Aku sudah mengatakan segala hal, aku tidak ingin membunuh, aku hanya ingin ia menyerahkan segala yang ia punya dan dongeng tentang sosok penjagal akan diupahkan kepadaku jika aku berhasil membawa buah tangan saat pulang. Ia mencoba menyerangku namun kebuasanku-- sedang dalam puncaknya dan tak akan ada yang bisa menandingiku saat ini bahkan sosok idola yang katanya pernah menjagal seribu lebih mangsanya tanpa sekali pun gagal-- memanduku dengan sigap menghindar dari serangan cuma-cuma yang akhirnya membunuh sebagian nurani dan kakek tadi. Tanpa ironi, ia kubasmi keji tanpa basa-basi seperti babi karena sekedip tak berhati-hati. Ini pertama kalinya aku melenyapkan nyawa seseorang. Lehernya menganga bekas sabetan golok yang sedari pagi telah kuasah hingga begitu tajam. Aku gagal mendapatkannya tanpa harus membunuh. Aku akui aku gagal pada pertama kali aku menjagal. Malam ke-dua.

Kembali lelaki tua paruh baya mengenakan kemeja berjalan pelan menatap samudera langit yang sedang kosong seperti mengharapkan sinar rembulan-- yang bisa ia gunakan untuk berlindung dariku dan bayanganku tertuju tepat pada  bongkahan-bongkahan besar pasti terdapat pada gerobak yang ia bawa bersama tiga kawannya. Memang ia tak sendiri namun apalah yang bisa menandingi kebuasanku malam ini. Sejenak aku membayangkan bisa meraihnya dan membawanya pulang kemudian kakek akan menceritakan dongeng penjagal zaman silam-- yang sangat aku idolakan-- sebagai hadiah yang belum tuntas diceritakan kakek pada malam pertama karena menurutnya apa yang telah kudapatkan tak sebanding untuk membayar tuntas dongeng yang kuidamkan. Aku melemaskan otot-otot perkasa yang kumiliki sebelum menyeringai tajam dan menertawakan kebodohan yang mereka anggap apa yang sedang mereka lakukan sudah cukup untuk menghadang buasnya aku dengan memiliki empat pasang mata untuk mengitari hutan. Saat ini nuraniku mulai tidak berfungsi dengan baik. Aku tak peduli lagi jika nantinya akan berakhir sama seperti malam pertamaku kemarin. Aku mencegah laju lelaki tua tersebut dengan berbekal golok di tangan dan mengaum dengan bingarnya mencoba membuat kakek-kakek tadi merasa terpojokkan kemudian mereka tak akan bisa lagi berpikir panjang-panjang meratapi betapa ganasnya aku kemudian berlutut menyerahkan semua yang kuinginkan dengan segera. Mereka mengeluarkan pisau dan mengancamku untuk segera menjauh.
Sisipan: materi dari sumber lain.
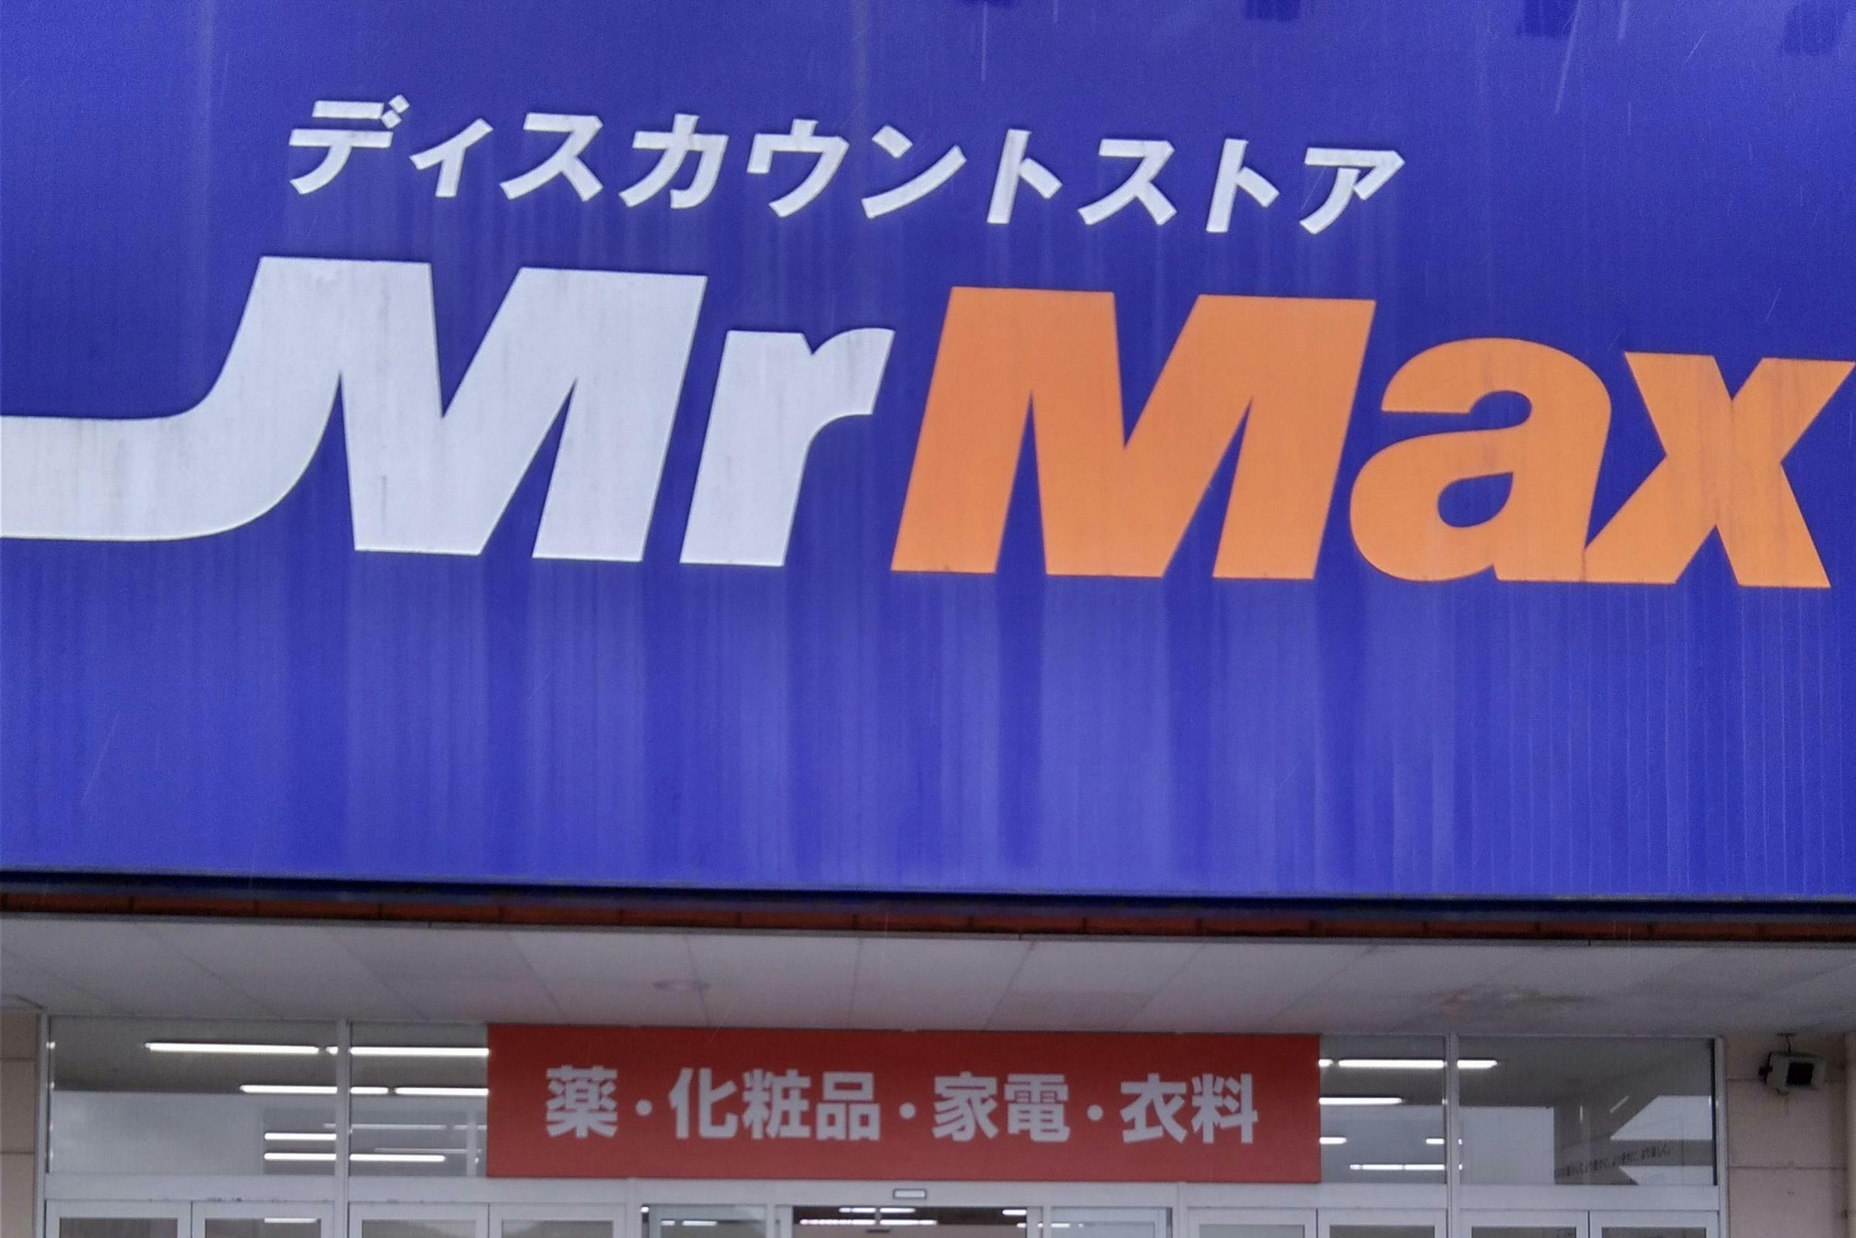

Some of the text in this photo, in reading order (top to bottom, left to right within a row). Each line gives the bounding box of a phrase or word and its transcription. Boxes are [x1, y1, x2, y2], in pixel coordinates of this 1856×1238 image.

[288, 96, 1405, 236] ディスカウントストア
[0, 256, 1856, 592] MrMax
[544, 1063, 1260, 1146] 薬・化粧品・家電・衣料
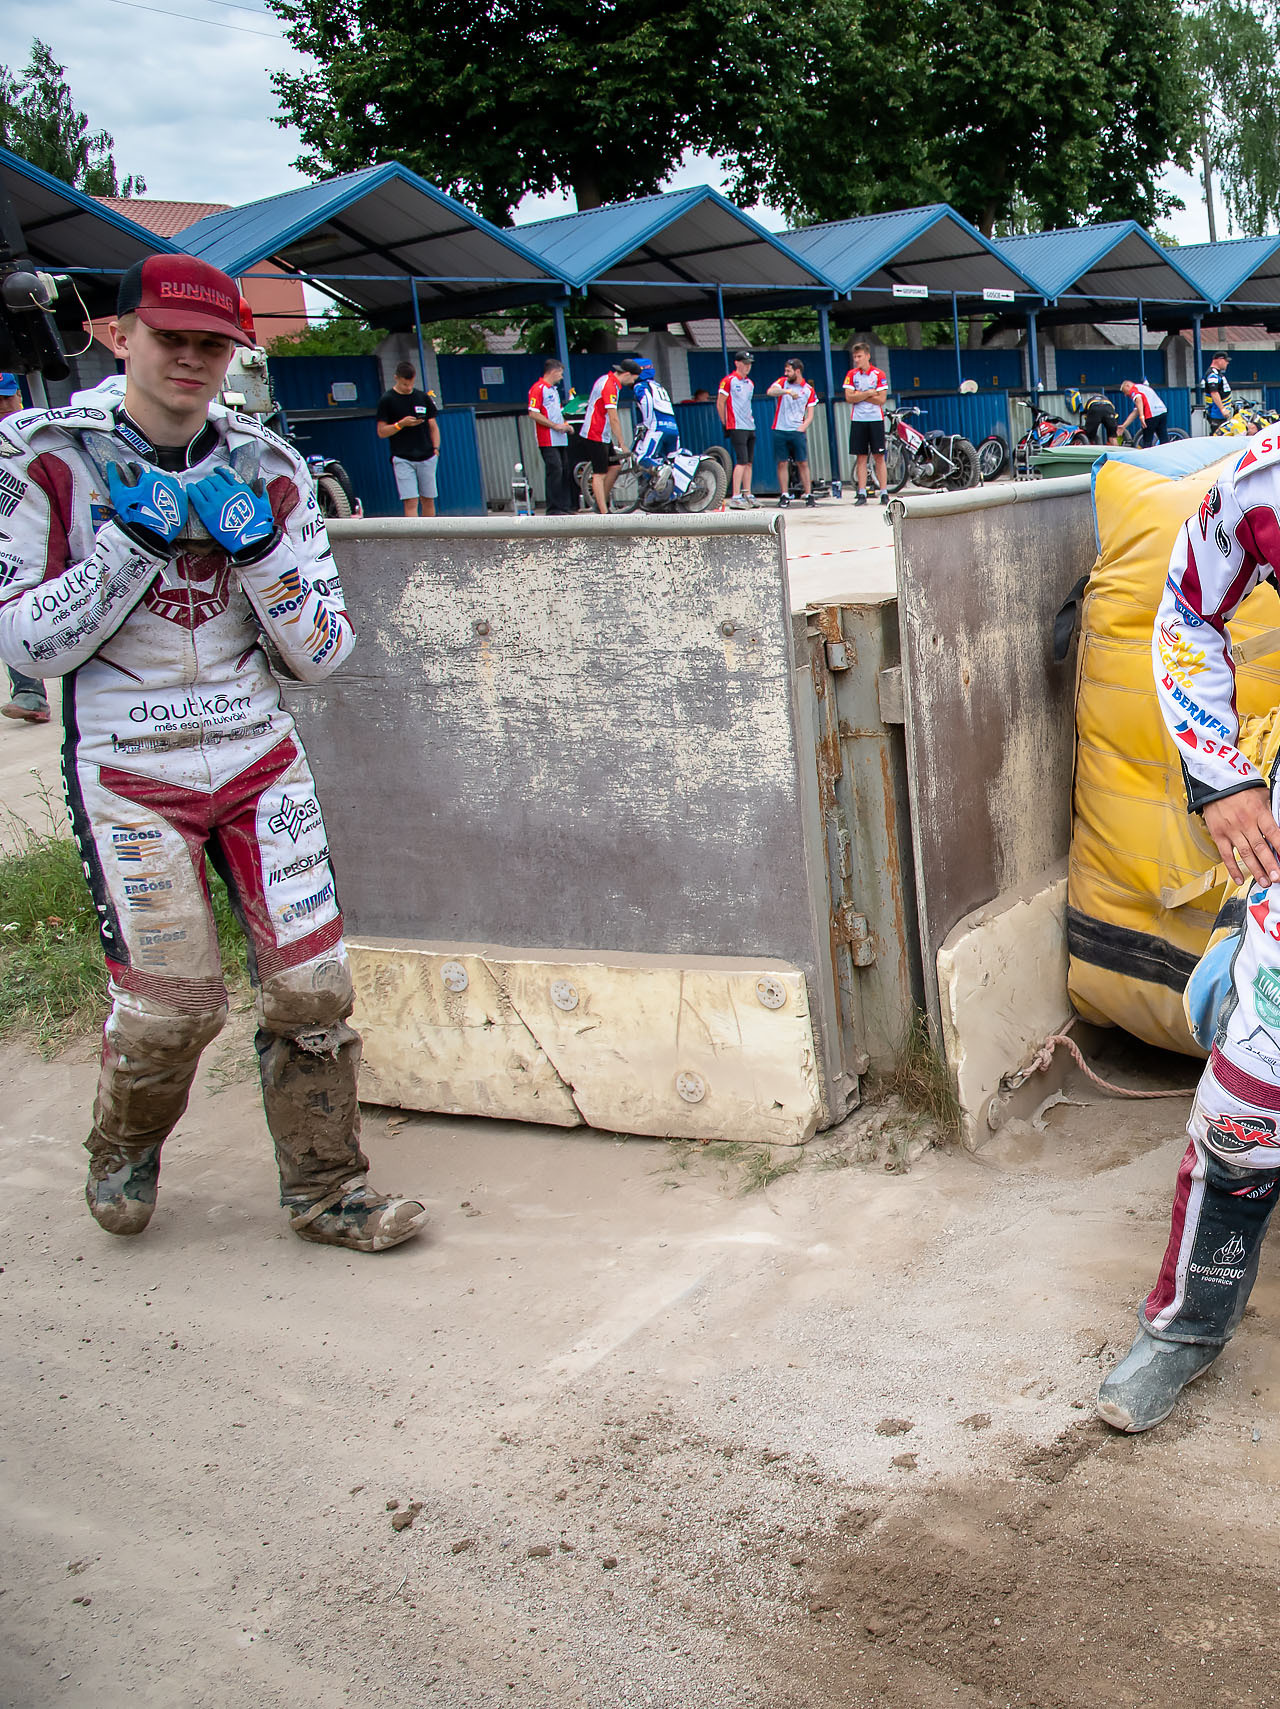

Aku sudah mengatakan segala hal, kali ini aku tidak peduli jika harus membunuh, aku ingin mereka menyerahkan segala yang mereka punya dan dongeng tentang sosok penjagal-- yang belum kuketahui akhir ceritanya-- akan diupahkan kepadaku jika aku berhasil membawa buah tangan saat pulang. Mereka mencoba menyerangku secara bersamaan namun kebuasanku-- sedang dalam puncaknya dan tak akan ada yang bisa menandingiku saat ini bahkan sosok idola yang katanya pernah menjagal seribu lebih mangsanya tanpa sekali pun gagal-- memanduku dengan sigap menghindar dari serangan cuma-cuma yang akhirnya membunuh sisa-sisa nurani dan para kakek tadi. Lagi-lagi tanpa ironi, ia kubasmi keji tanpa basa-basi seperti babi karena sekedip tak berhati-hati. Leher mereka menganga lebar bekas sabetan golok yang sedari pagi telah kuasah hingga begitu tajam. Malam ke-tujuhpuluhsatu.

Namaku Alam. Tak peduli siapa pun yang akan kumangsa apakah paruh baya atau pun masih gagah perkasa yang lewat. Tak peduli berapa saja yang mengitari tempatku mengintai mangsa. Semuanya adalah mangsa bagiku. Aku akan menjagal apa saja-- bahkan jika harus aku akan memerkosa dengan membunuh, memeras dengan membunuh, bergulat, bercinta, dan semua motif kejahatan yang hanya akan berujung pada pembunuhan akan aku lakukan dengan buas hati-- kemudian membawa hasil jarahanku pulang untuk segera mengetahui akhir dari dongeng tentang penjagal zaman silam-- yang sangat aku idolakan-- sebagai hadiah yang belum tuntas diceritakan kakek pada malam-malam sebelumnya karena menurutnya apa yang telah kudapatkan belum sama sekali sebanding untuk membayar tuntas dongeng yang kuidamkan. Malam ke-tujuhpuluhdua.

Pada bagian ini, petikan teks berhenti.